(Beginning of DATA PROVIDED)

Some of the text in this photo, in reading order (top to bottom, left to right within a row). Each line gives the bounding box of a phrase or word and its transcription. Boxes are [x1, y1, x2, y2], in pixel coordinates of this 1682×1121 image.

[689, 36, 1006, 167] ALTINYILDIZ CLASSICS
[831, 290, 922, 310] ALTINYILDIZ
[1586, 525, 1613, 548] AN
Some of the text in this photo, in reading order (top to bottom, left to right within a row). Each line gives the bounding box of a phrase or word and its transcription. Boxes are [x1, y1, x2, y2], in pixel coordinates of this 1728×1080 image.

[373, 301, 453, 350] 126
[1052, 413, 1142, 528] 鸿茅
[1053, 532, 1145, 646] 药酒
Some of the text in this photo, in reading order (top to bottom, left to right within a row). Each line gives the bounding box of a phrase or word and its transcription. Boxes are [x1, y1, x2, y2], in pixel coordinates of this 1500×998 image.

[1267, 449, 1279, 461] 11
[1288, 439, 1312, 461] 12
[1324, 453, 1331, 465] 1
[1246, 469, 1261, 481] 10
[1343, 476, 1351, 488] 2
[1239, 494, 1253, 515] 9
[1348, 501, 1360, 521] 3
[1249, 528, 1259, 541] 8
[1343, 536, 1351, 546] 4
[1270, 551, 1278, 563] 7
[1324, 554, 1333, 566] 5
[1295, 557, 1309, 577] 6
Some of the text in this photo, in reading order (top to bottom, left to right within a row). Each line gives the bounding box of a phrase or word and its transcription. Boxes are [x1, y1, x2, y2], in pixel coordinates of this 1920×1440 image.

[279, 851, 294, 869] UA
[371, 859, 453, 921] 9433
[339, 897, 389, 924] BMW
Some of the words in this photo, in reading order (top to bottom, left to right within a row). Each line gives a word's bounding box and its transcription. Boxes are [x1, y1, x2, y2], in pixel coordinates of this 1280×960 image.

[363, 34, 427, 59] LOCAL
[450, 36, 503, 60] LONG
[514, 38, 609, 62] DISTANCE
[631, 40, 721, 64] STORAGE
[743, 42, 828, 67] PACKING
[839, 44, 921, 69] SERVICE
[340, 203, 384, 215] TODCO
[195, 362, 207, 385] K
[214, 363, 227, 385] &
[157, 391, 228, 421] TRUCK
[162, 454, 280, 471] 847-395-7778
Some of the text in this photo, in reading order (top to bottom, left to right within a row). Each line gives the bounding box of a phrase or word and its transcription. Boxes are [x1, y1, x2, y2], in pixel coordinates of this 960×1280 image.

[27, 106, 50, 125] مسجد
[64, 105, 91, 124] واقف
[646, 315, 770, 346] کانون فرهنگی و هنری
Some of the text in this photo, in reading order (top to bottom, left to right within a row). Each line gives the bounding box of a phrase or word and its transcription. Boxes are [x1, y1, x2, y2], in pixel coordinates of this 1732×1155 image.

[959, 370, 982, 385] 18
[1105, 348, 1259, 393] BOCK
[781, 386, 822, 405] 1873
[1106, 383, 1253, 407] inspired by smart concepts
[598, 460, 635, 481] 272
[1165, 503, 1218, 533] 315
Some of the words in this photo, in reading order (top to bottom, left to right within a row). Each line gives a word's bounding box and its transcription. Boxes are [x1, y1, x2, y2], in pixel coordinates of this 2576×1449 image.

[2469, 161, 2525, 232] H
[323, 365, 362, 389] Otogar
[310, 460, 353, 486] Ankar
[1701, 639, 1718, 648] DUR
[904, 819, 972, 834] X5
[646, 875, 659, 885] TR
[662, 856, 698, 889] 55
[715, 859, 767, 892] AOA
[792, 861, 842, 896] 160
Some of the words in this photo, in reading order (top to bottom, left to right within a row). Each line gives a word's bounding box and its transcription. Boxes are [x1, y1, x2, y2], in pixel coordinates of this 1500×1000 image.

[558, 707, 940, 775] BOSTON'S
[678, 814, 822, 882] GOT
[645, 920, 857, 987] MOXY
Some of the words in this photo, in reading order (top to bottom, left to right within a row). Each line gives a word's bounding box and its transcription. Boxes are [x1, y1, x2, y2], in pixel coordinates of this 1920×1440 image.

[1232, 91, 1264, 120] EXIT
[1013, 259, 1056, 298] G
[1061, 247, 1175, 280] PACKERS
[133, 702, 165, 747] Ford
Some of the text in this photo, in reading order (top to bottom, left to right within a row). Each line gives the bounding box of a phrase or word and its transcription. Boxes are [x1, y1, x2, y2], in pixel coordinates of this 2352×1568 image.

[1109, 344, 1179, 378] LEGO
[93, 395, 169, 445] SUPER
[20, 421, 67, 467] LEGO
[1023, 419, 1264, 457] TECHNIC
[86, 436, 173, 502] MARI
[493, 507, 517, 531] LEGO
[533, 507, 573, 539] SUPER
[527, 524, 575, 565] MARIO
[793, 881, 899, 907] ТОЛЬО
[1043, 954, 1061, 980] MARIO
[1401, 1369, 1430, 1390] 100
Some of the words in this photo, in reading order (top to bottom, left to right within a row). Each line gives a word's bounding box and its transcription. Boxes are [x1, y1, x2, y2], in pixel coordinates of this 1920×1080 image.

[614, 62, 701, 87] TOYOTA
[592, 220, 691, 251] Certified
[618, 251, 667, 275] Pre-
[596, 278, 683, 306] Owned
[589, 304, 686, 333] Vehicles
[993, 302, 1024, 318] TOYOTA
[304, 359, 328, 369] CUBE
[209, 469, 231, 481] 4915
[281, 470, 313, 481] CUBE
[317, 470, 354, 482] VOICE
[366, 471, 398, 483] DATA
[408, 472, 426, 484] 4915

(End of DATA PROVIDED)

The entries are to be duplicated exactly, with nothing changed.

__ANSWER BOX__:
Some of the text in this photo, in reading order (top to bottom, left to right within a row). Each line gives the bounding box of a phrase or word and its transcription. Boxes are [x1, y1, x2, y2], in pixel coordinates of this 1682×1121 image.

[689, 36, 1006, 167] ALTINYILDIZ CLASSICS
[831, 290, 922, 310] ALTINYILDIZ
[1586, 525, 1613, 548] AN
Some of the text in this photo, in reading order (top to bottom, left to right within a row). Each line gives the bounding box of a phrase or word and its transcription. Boxes are [x1, y1, x2, y2], in pixel coordinates of this 1728×1080 image.

[373, 301, 453, 350] 126
[1052, 413, 1142, 528] 鸿茅
[1053, 532, 1145, 646] 药酒
Some of the text in this photo, in reading order (top to bottom, left to right within a row). Each line gives the bounding box of a phrase or word and its transcription. Boxes are [x1, y1, x2, y2], in pixel coordinates of this 1500×998 image.

[1267, 449, 1279, 461] 11
[1288, 439, 1312, 461] 12
[1324, 453, 1331, 465] 1
[1246, 469, 1261, 481] 10
[1343, 476, 1351, 488] 2
[1239, 494, 1253, 515] 9
[1348, 501, 1360, 521] 3
[1249, 528, 1259, 541] 8
[1343, 536, 1351, 546] 4
[1270, 551, 1278, 563] 7
[1324, 554, 1333, 566] 5
[1295, 557, 1309, 577] 6
Some of the text in this photo, in reading order (top to bottom, left to right within a row). Each line gives the bounding box of a phrase or word and its transcription. Boxes are [x1, y1, x2, y2], in pixel coordinates of this 1920×1440 image.

[279, 851, 294, 869] UA
[371, 859, 453, 921] 9433
[339, 897, 389, 924] BMW
Some of the words in this photo, in reading order (top to bottom, left to right within a row). Each line gives a word's bounding box and its transcription. Boxes are [x1, y1, x2, y2], in pixel coordinates of this 1280×960 image.

[363, 34, 427, 59] LOCAL
[450, 36, 503, 60] LONG
[514, 38, 609, 62] DISTANCE
[631, 40, 721, 64] STORAGE
[743, 42, 828, 67] PACKING
[839, 44, 921, 69] SERVICE
[340, 203, 384, 215] TODCO
[195, 362, 207, 385] K
[214, 363, 227, 385] &
[157, 391, 228, 421] TRUCK
[162, 454, 280, 471] 847-395-7778
Some of the text in this photo, in reading order (top to bottom, left to right within a row). Each line gives the bounding box of a phrase or word and its transcription. Boxes are [x1, y1, x2, y2], in pixel coordinates of this 960×1280 image.

[27, 106, 50, 125] مسجد
[64, 105, 91, 124] واقف
[646, 315, 770, 346] کانون فرهنگی و هنری
Some of the text in this photo, in reading order (top to bottom, left to right within a row). Each line gives the bounding box of a phrase or word and its transcription. Boxes are [x1, y1, x2, y2], in pixel coordinates of this 1732×1155 image.

[959, 370, 982, 385] 18
[1105, 348, 1259, 393] BOCK
[781, 386, 822, 405] 1873
[1106, 383, 1253, 407] inspired by smart concepts
[598, 460, 635, 481] 272
[1165, 503, 1218, 533] 315
Some of the words in this photo, in reading order (top to bottom, left to right within a row). Each line gives a word's bounding box and its transcription. Boxes are [x1, y1, x2, y2], in pixel coordinates of this 2576×1449 image.

[2469, 161, 2525, 232] H
[323, 365, 362, 389] Otogar
[310, 460, 353, 486] Ankar
[1701, 639, 1718, 648] DUR
[904, 819, 972, 834] X5
[646, 875, 659, 885] TR
[662, 856, 698, 889] 55
[715, 859, 767, 892] AOA
[792, 861, 842, 896] 160
Some of the words in this photo, in reading order (top to bottom, left to right within a row). Each line gives a word's bounding box and its transcription. Boxes are [x1, y1, x2, y2], in pixel coordinates of this 1500×1000 image.

[558, 707, 940, 775] BOSTON'S
[678, 814, 822, 882] GOT
[645, 920, 857, 987] MOXY
Some of the words in this photo, in reading order (top to bottom, left to right within a row). Each line gives a word's bounding box and its transcription. Boxes are [x1, y1, x2, y2], in pixel coordinates of this 1920×1440 image.

[1232, 91, 1264, 120] EXIT
[1013, 259, 1056, 298] G
[1061, 247, 1175, 280] PACKERS
[133, 702, 165, 747] Ford
Some of the text in this photo, in reading order (top to bottom, left to right within a row). Each line gives the bounding box of a phrase or word and its transcription. Boxes are [x1, y1, x2, y2], in pixel coordinates of this 2352×1568 image.

[1109, 344, 1179, 378] LEGO
[93, 395, 169, 445] SUPER
[20, 421, 67, 467] LEGO
[1023, 419, 1264, 457] TECHNIC
[86, 436, 173, 502] MARI
[493, 507, 517, 531] LEGO
[533, 507, 573, 539] SUPER
[527, 524, 575, 565] MARIO
[793, 881, 899, 907] ТОЛЬО
[1043, 954, 1061, 980] MARIO
[1401, 1369, 1430, 1390] 100
Some of the words in this photo, in reading order (top to bottom, left to right within a row). Each line gives a word's bounding box and its transcription. Boxes are [x1, y1, x2, y2], in pixel coordinates of this 1920×1080 image.

[614, 62, 701, 87] TOYOTA
[592, 220, 691, 251] Certified
[618, 251, 667, 275] Pre-
[596, 278, 683, 306] Owned
[589, 304, 686, 333] Vehicles
[993, 302, 1024, 318] TOYOTA
[304, 359, 328, 369] CUBE
[209, 469, 231, 481] 4915
[281, 470, 313, 481] CUBE
[317, 470, 354, 482] VOICE
[366, 471, 398, 483] DATA
[408, 472, 426, 484] 4915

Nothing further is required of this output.